The correct workflow

  1. Identify the CRS of the layer (ogrinfo -al -so, QGIS layer properties, ST_SRID).
  2. Pick a projected CRS in metres appropriate to the extent: a local UTM zone (e.g. EPSG:32632 for 6°–12°E in the northern hemisphere) or a national grid (British National Grid EPSG:27700, etc.). For large or high-latitude areas, use an equidistant or equal-area projection centred on the study area instead of a single UTM zone.
  3. Reproject the analysis layer into that CRS.
  4. Buffer in metres.
  5. Reproject back to the display/delivery CRS if needed.

In GDAL/OGR:

ogr2ogr -t_srs EPSG:32632 sites_utm.gpkg sites_wgs84.gpkg
# then buffer in a tool that takes metres, e.g. via GDAL/ogr SQL or QGIS

In QGIS, reproject with "Reproject Layer", then run "Buffer" with a distance of 500 (now metres).

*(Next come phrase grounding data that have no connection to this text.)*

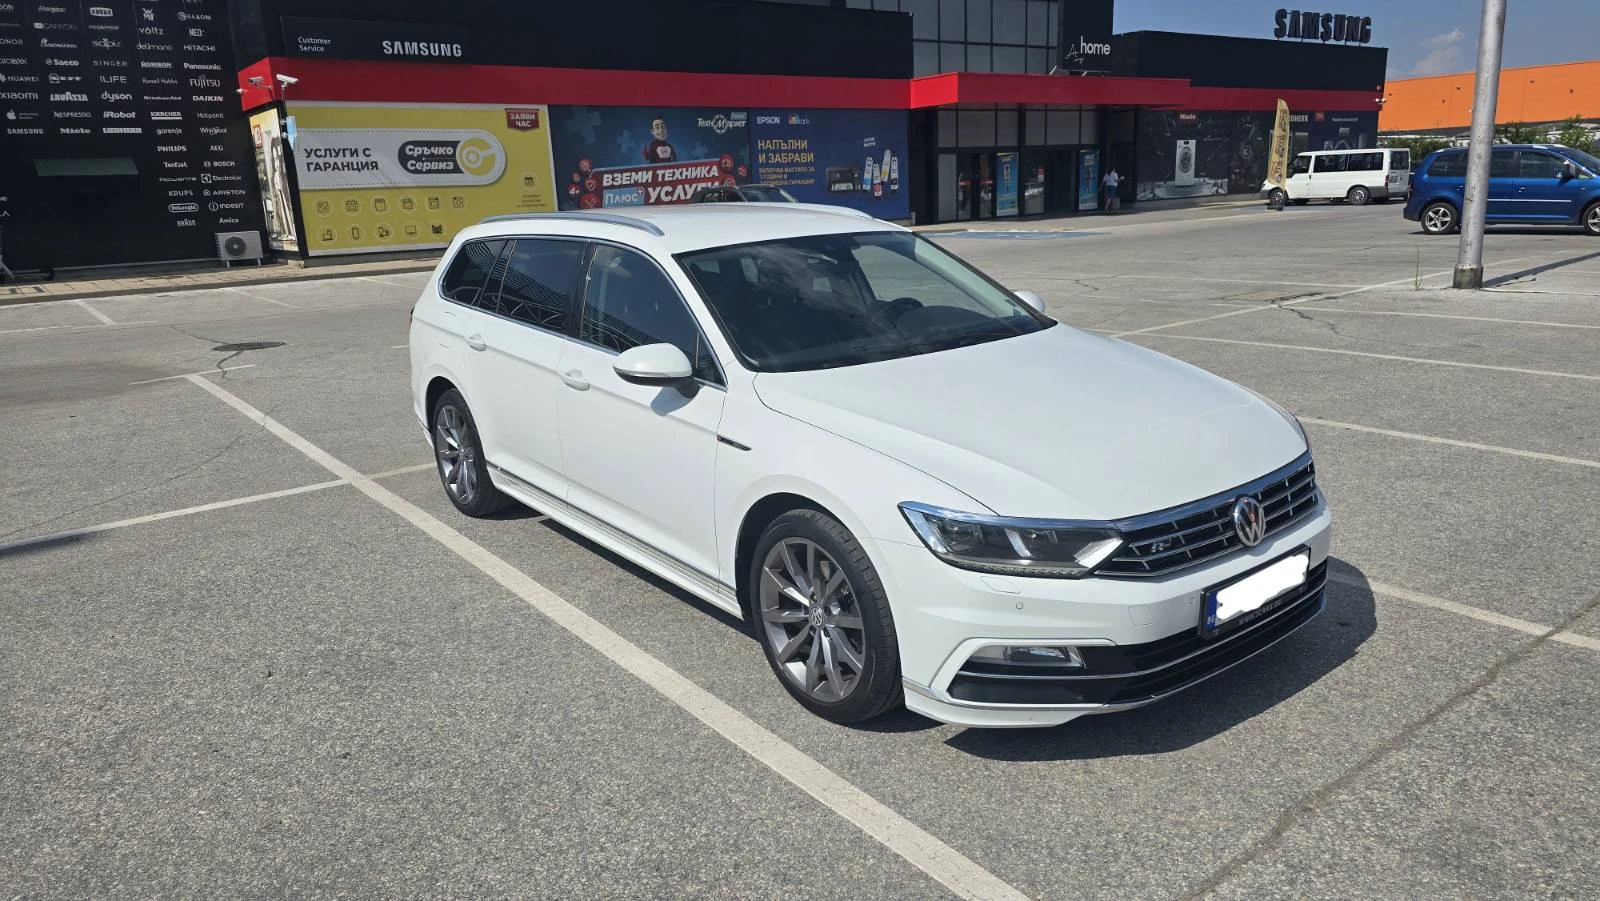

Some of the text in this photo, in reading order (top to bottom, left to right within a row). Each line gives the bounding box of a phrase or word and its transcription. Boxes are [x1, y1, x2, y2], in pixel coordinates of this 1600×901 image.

[1274, 8, 1372, 43] SAMSUNG
[297, 36, 331, 45] Customer
[1080, 35, 1111, 55] home
[300, 44, 325, 53] Service
[382, 40, 462, 57] SAMSUNG
[183, 62, 222, 70] Panasonic
[100, 91, 133, 102] dyson
[103, 110, 136, 118] iRobot
[509, 113, 536, 122] ЗАЯВИ
[515, 120, 532, 128] ЧАС
[757, 116, 781, 125] EPSON
[405, 144, 454, 156] Сръчко
[758, 139, 808, 150] НАПЪЛНИ
[305, 147, 372, 160] УСЛУГИ С
[758, 152, 815, 164] И ЗАБРАВИ
[306, 160, 379, 173] ГАРАНЦИЯ
[406, 159, 455, 172] Сервиз
[602, 165, 719, 187] ВЗЕМИ ТЕХНИКА

Or in one step use the field-calculator/SQL on a reprojected layer.

In PostGIS there are two clean options. Reproject and buffer in metres:

SELECT ST_Buffer(ST_Transform(geom, 32632), 500) AS buf
FROM sites;

Or stay in lon/lat and let the geography type handle the ellipsoid:

SELECT ST_Buffer(geom::geography, 500) AS buf
FROM sites;

The geography buffer measures 500 m of true ground distance regardless of latitude, which is the most robust choice when your data spans wide latitude ranges or crosses UTM zone boundaries.

In GeoPandas: gdf.to_crs(32632).buffer(500) — never gdf.buffer(0.0045) on a 4326 frame.

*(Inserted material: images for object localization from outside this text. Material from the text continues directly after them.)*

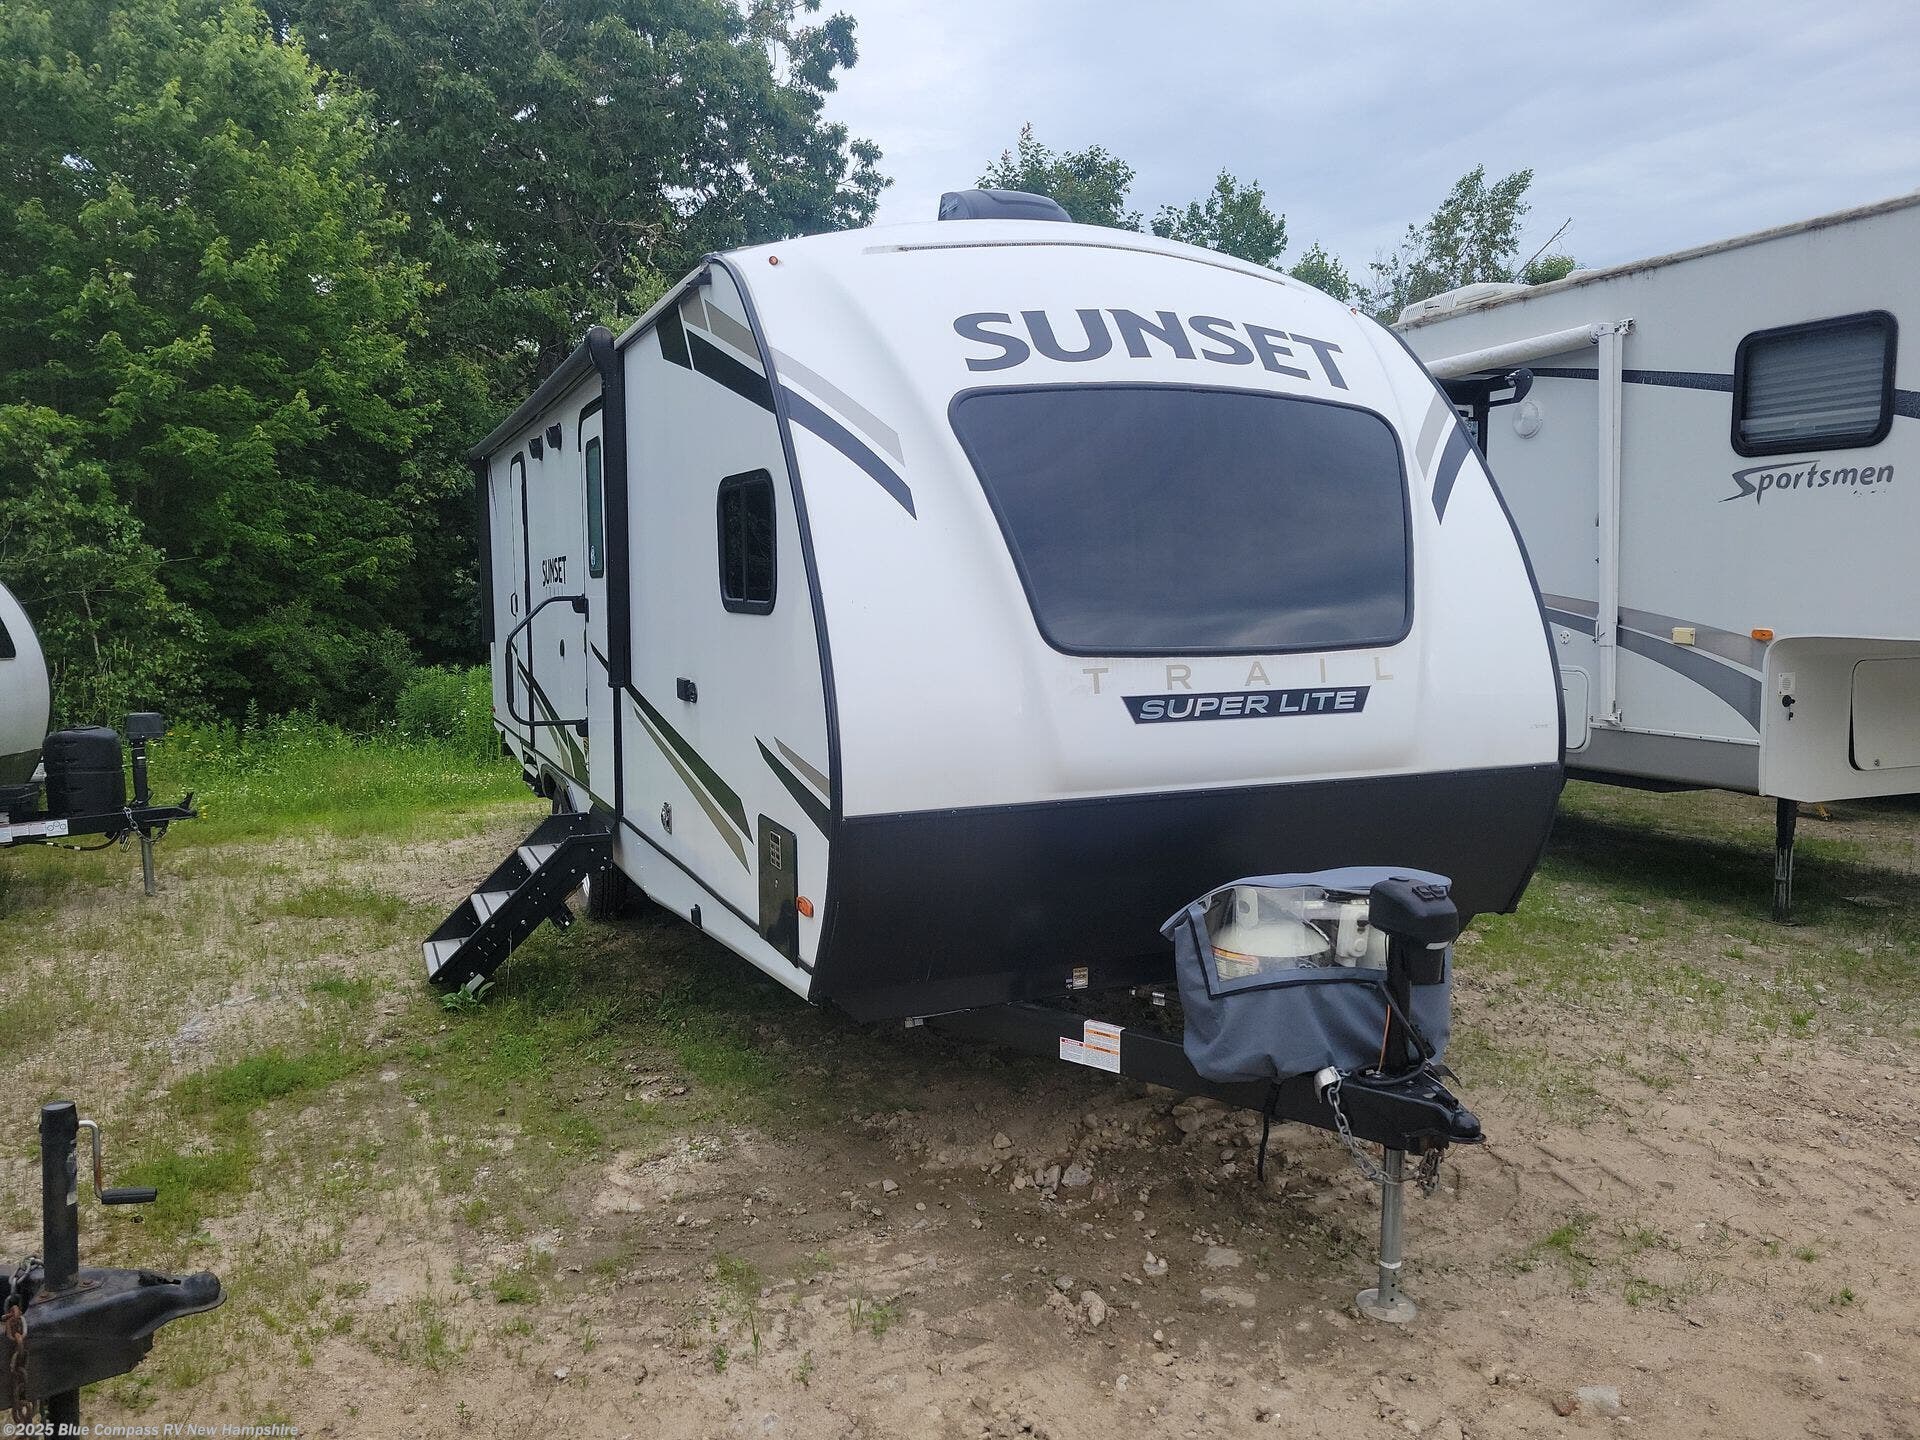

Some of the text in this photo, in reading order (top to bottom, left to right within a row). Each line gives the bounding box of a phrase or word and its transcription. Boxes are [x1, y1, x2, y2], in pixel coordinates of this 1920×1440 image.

[953, 309, 1349, 391] SUNSET
[1718, 459, 1895, 505] Sportsmen
[541, 555, 567, 588] SUNSET
[1082, 656, 1394, 695] TRAIL
[1139, 690, 1357, 721] SUPER LITE

Choosing the projected CRS

The buffer is only as accurate as the projection's distance preservation in your area:

  • Single project area: the local UTM zone is the default; distortion stays within ~1 part in 1,000 inside the 6° band.
  • Area spanning multiple UTM zones, or near a zone edge: a custom Transverse Mercator centred on the area, or a national grid, avoids the seam.
  • Continental or polar extents: an azimuthal equidistant projection centred on the region, or the PostGIS geography approach, since no single planar CRS preserves distance over such an extent.

The same logic applies to every metric operation, not just buffers: distance, length, and area are all wrong if computed in degrees.

Common pitfalls and why they happen

  • Buffering directly on a 4326 layer because it loads and displays fine. The angular units make the result an inconsistent ellipse.
  • Approximating a metre buffer as degrees (e.g. "500 m ≈ 0.0045°"). It is only right at one latitude and one direction; everywhere else it drifts.
  • Using Web Mercator (EPSG:3857) for the buffer because the basemap is in it. Web Mercator is metre-based but its scale factor blows up with latitude (~1/cos(lat)); a 500 "metre" buffer at 60° is roughly double the true ground distance. It is for tiling, not measurement.
  • Relying on on-the-fly reprojection. It fixes display only; the analysis still runs in the layer's stored CRS.
  • Crossing a UTM zone boundary with a single zone's CRS, introducing growing distortion past the 6° band — use geography or a custom projection.

Validation

Buffer a point of known location, then measure the radius back in the source CRS against a trusted reference — a 500 m buffer should be 500 m on the ground in every direction. In PostGIS, compare ST_Area(ST_Buffer(geom::geography, 500)) (should be ~π·500² ≈ 785,398 m²) against the same buffer done in degrees (it will not match and will vary with latitude). If the circle looks like an ellipse on an equal-distance reference, you buffered in degrees.

Bathyl perspective

We never run distance, area, or buffer operations in a geographic CRS: the analysis layer is reprojected to a metre-based CRS sized to the extent, or computed on the geography type, and the chosen CRS is recorded with the output. A buffer that claims "500 m" is verified to be 500 m before it reaches a deliverable.